Dr. B also tried to give folks the impression that he was very business-like and serious, that he was detached from the day to day emotion of life, when in fact, he was one of the most kind and thoughtful men I ever knew. One day he finally told me why he acted this way (detached). He told me he had to stay that way so that he could do his best work, so that he would not ever fail his patients, so that he would have the precense of mind to do the right thing at the right time, always. He told me it was not always that way for him, that he got tired of saying good bye to so many patients that were beyond his ability or modern medicine to help. I understood, finally. He took these blows seriously, he felt them deeply, they even impacted his own health (after retirement from medicine) for sometime. He re-lived many patient stories with me, I thought they all were his friends, I later understood some of them were no longer with us.
In later years, he guarded his patients a different way, by becoming an expert witness. He defended all patients, even after they succumbed to illness by holding his colleagues, hospitals and his industry to a high standard and oath through our legal system. He was also the balance, he stood up and defended his colleagues when he felt they did everything possible. He denied to work on cases where he felt the surgeon or the doctor tried his best.
Dr. B was ever the tough minded Dad and dedicated husband, Dr. B truly loved his boys. Lee and Ike, I can't tell you how many of your hobbies and basketball games and dating stories I lived through your Dad's eyes and stories. Now you are both men, in his later years, your Dad was very proud of the woman you chose to share your lives with.
In life as in love, Dr. B often told me there were times when he did not show love as much as he wanted, he guarded and guided his feelings, they came out in little doses of emotion and humanity, there were always gestures marked by someone with a good and just heart.

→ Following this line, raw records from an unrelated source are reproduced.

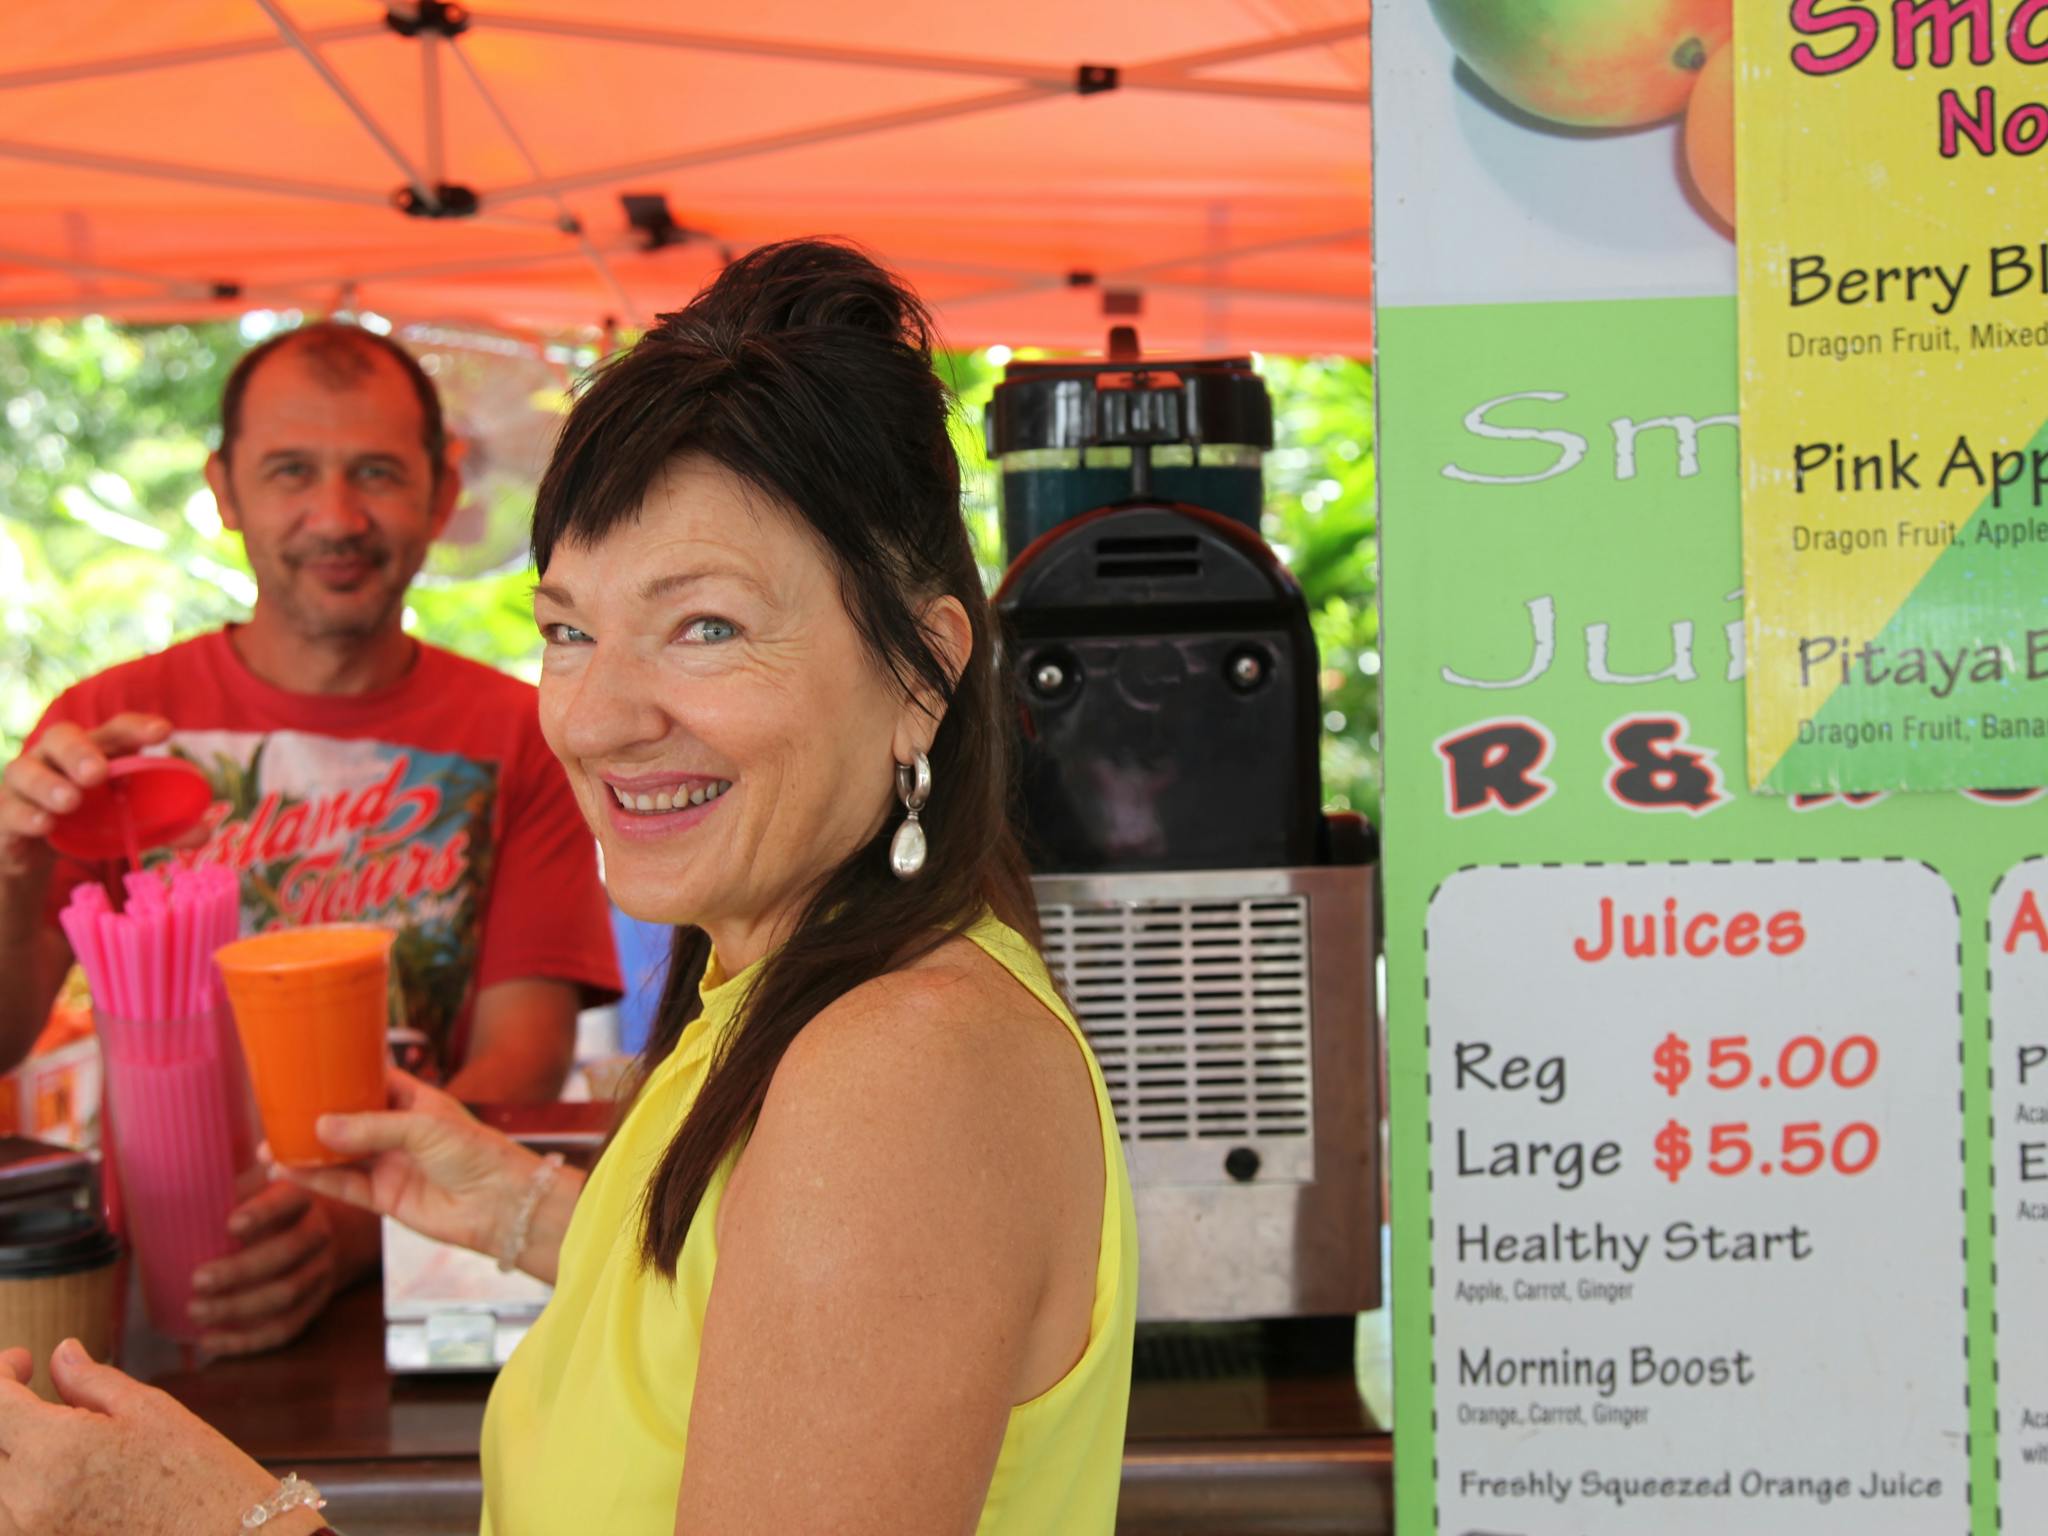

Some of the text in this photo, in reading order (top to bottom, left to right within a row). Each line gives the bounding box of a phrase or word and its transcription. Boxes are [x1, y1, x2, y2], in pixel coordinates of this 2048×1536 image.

[1938, 85, 2048, 158] No
[1788, 243, 2048, 314] Berry Bl
[1788, 322, 2048, 361] Dragon Fruit, Mixed
[1440, 390, 1740, 485] Sm
[1794, 438, 1920, 493] Pink
[1793, 517, 2048, 555] Dragon Fruit, Apple
[1798, 634, 2003, 698] Pitaya
[1798, 712, 2048, 749] Dragon Fruit, Bana
[1434, 712, 1735, 817] R &
[1573, 896, 1807, 962] Juices
[2004, 889, 2048, 954] A
[1454, 1032, 1879, 1103] Reg $5.00
[2017, 1045, 2048, 1086] P
[1456, 1119, 1880, 1190] Large $5.50
[2019, 1142, 2048, 1182] E
[1457, 1221, 1814, 1272] Healthy Start
[1455, 1279, 1634, 1304] Apple, Carrot, Ginger
[1458, 1345, 1755, 1397] Morning Boost
[1458, 1401, 1649, 1428] Orange, Carrot, Ginger
[1460, 1469, 1943, 1506] Freshly Squeezed Orange Juice
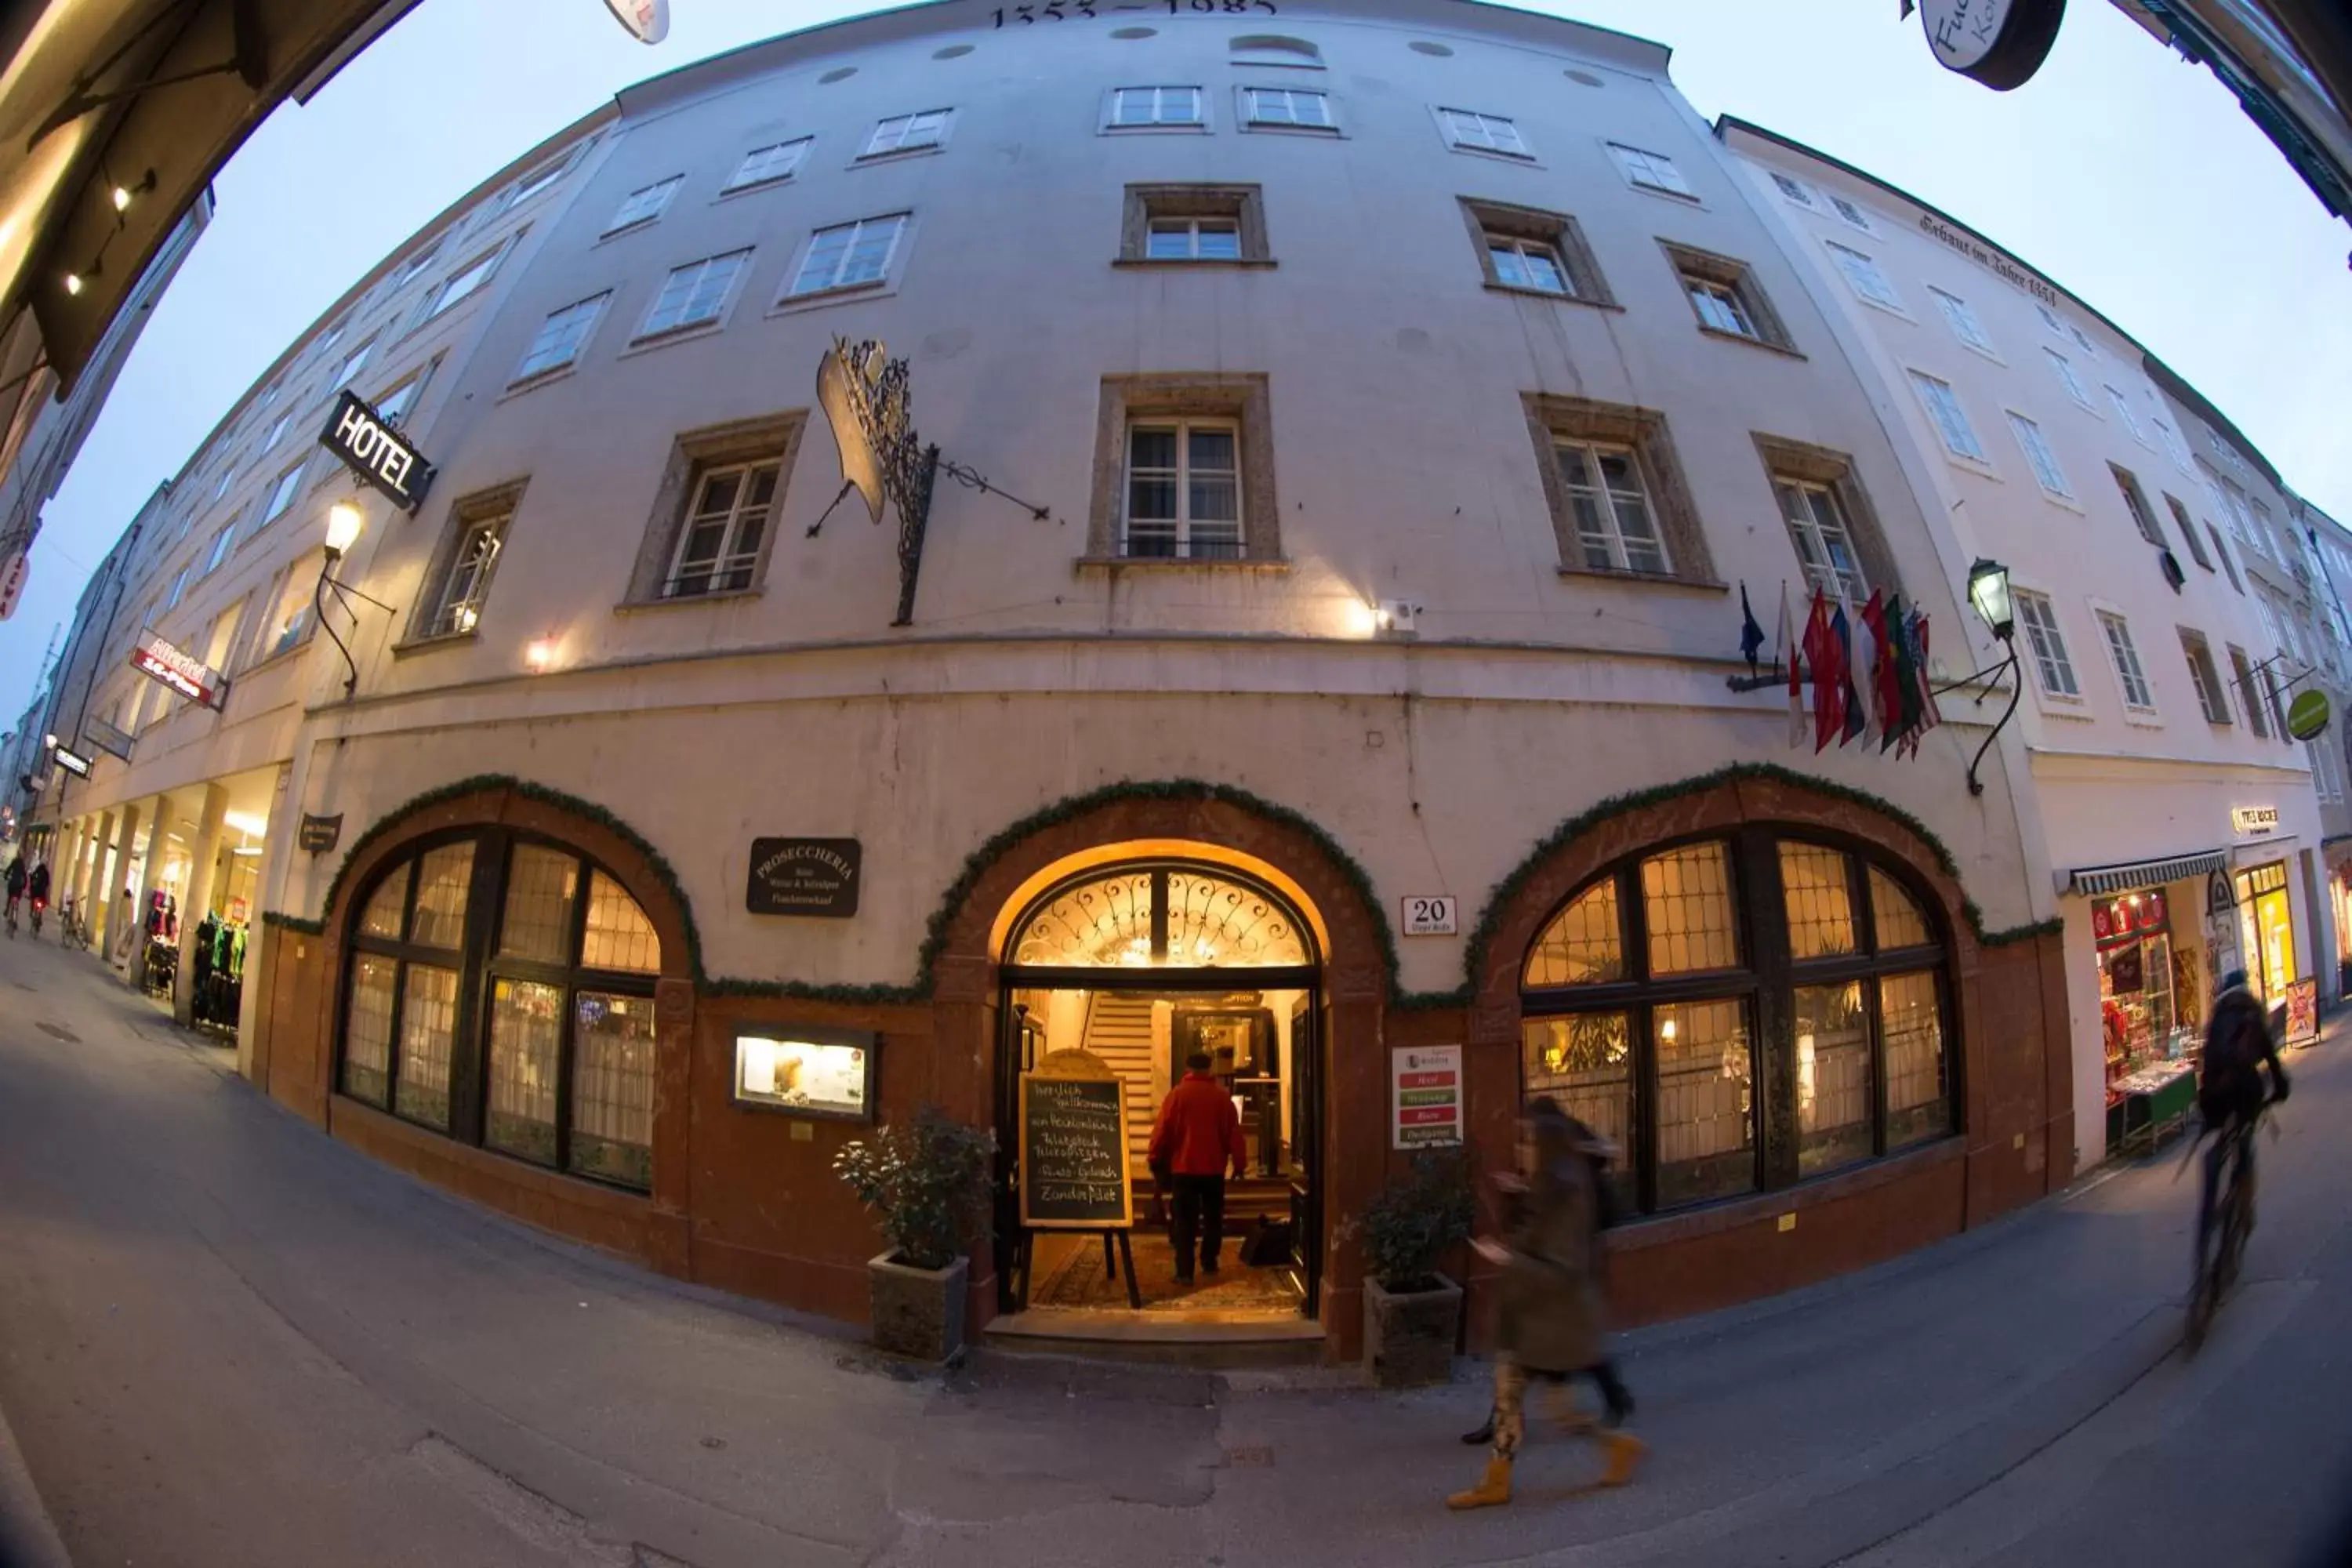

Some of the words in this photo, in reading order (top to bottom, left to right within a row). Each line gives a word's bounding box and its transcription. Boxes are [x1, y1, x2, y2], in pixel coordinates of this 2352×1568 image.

[335, 404, 414, 496] HOTEL
[756, 845, 853, 880] PROSECCHERIA
[1414, 899, 1445, 922] 20
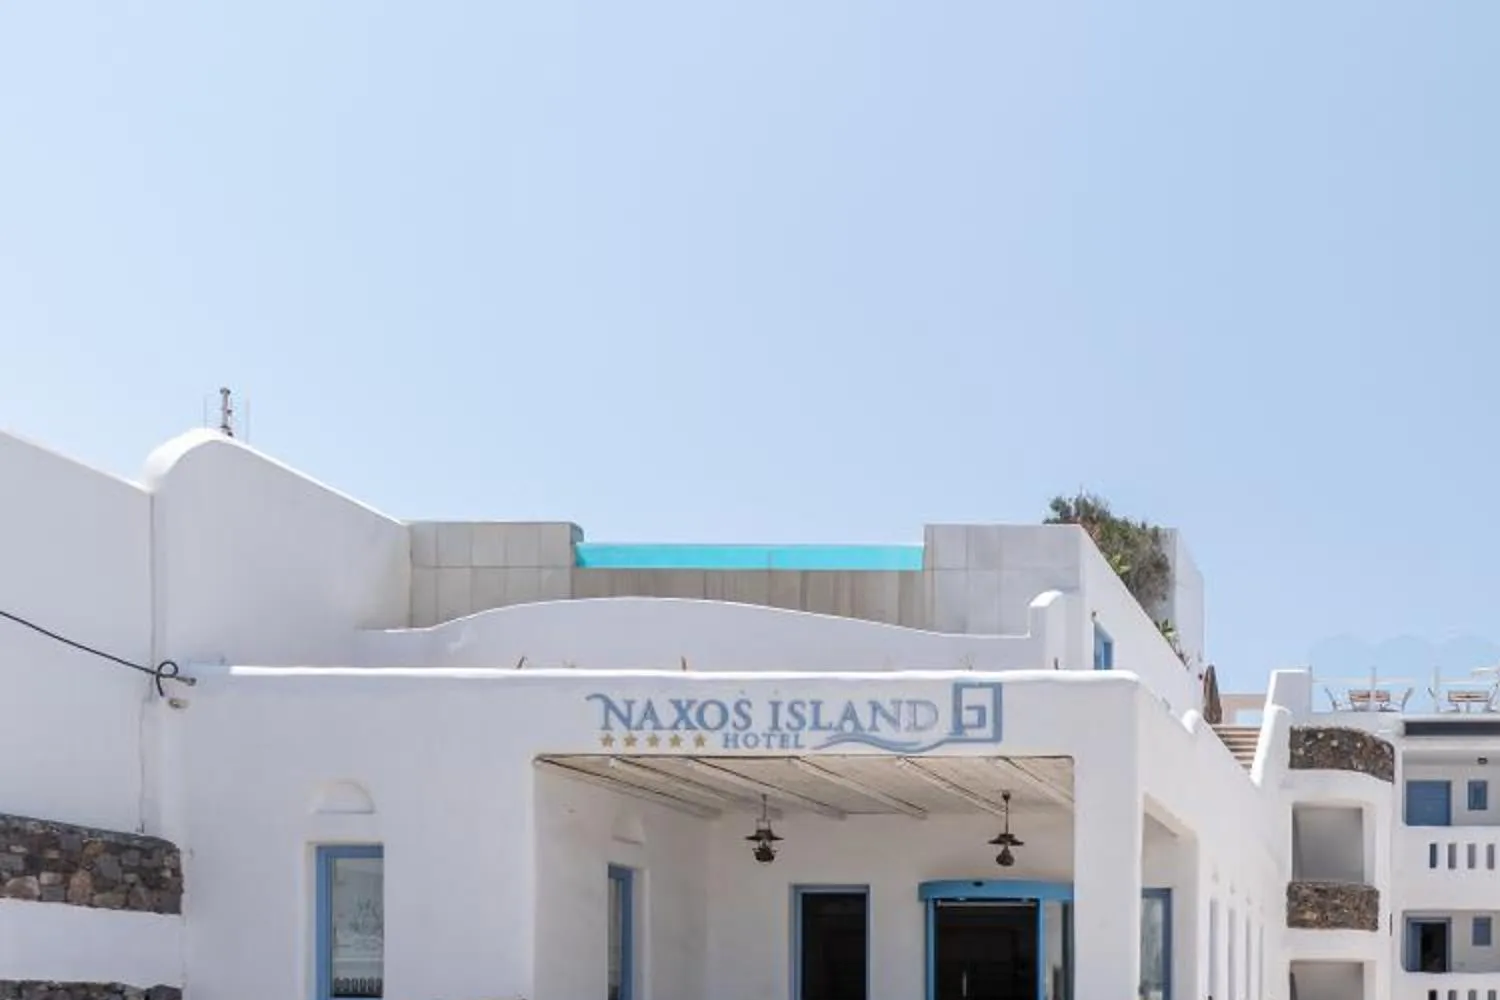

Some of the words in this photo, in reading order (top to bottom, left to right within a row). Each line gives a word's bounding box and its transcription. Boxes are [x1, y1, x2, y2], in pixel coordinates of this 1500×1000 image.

Dearest Peggy you should know how many times Dr. B told me the story of how you both met and how much he loved you and was proud of you as a wife, Mom and life partner. He told me so many times of his love that I just began to pretend I was hearing it all the first time. And, everytime he told me, he seemed to be more at peace, it made him smile, he adored and loved you so very much.
My friend, Dr. B was a warrior in life, his medicine, brilliant intellect and medical skills helped the sick and the less fortunate in life. He lived by a discipline and ethical standards that few people are ever given the inner strength to attain. He expected us all to do the same, he just thought that was "normal".
Dr. B was rich in so many ways, mostly in the power of his spirit and how it influenced others. I wonder if he ever understood his true impact was not saving patients but saving souls. I will miss his presence and his counsel. I will miss our phone calls even after I moved away from Florida. I will miss him, the personality, the light of his being.
The way we honor the ones no longer with us is to do good deeds in their name. I will remember Ike, my Dr. B, a man who has already influenced my life greatly.
I will try to make him as proud of me as I was of him.
May God keep Dr. B safe and in his arms like he did for so many in his life, as a caregiver and friend.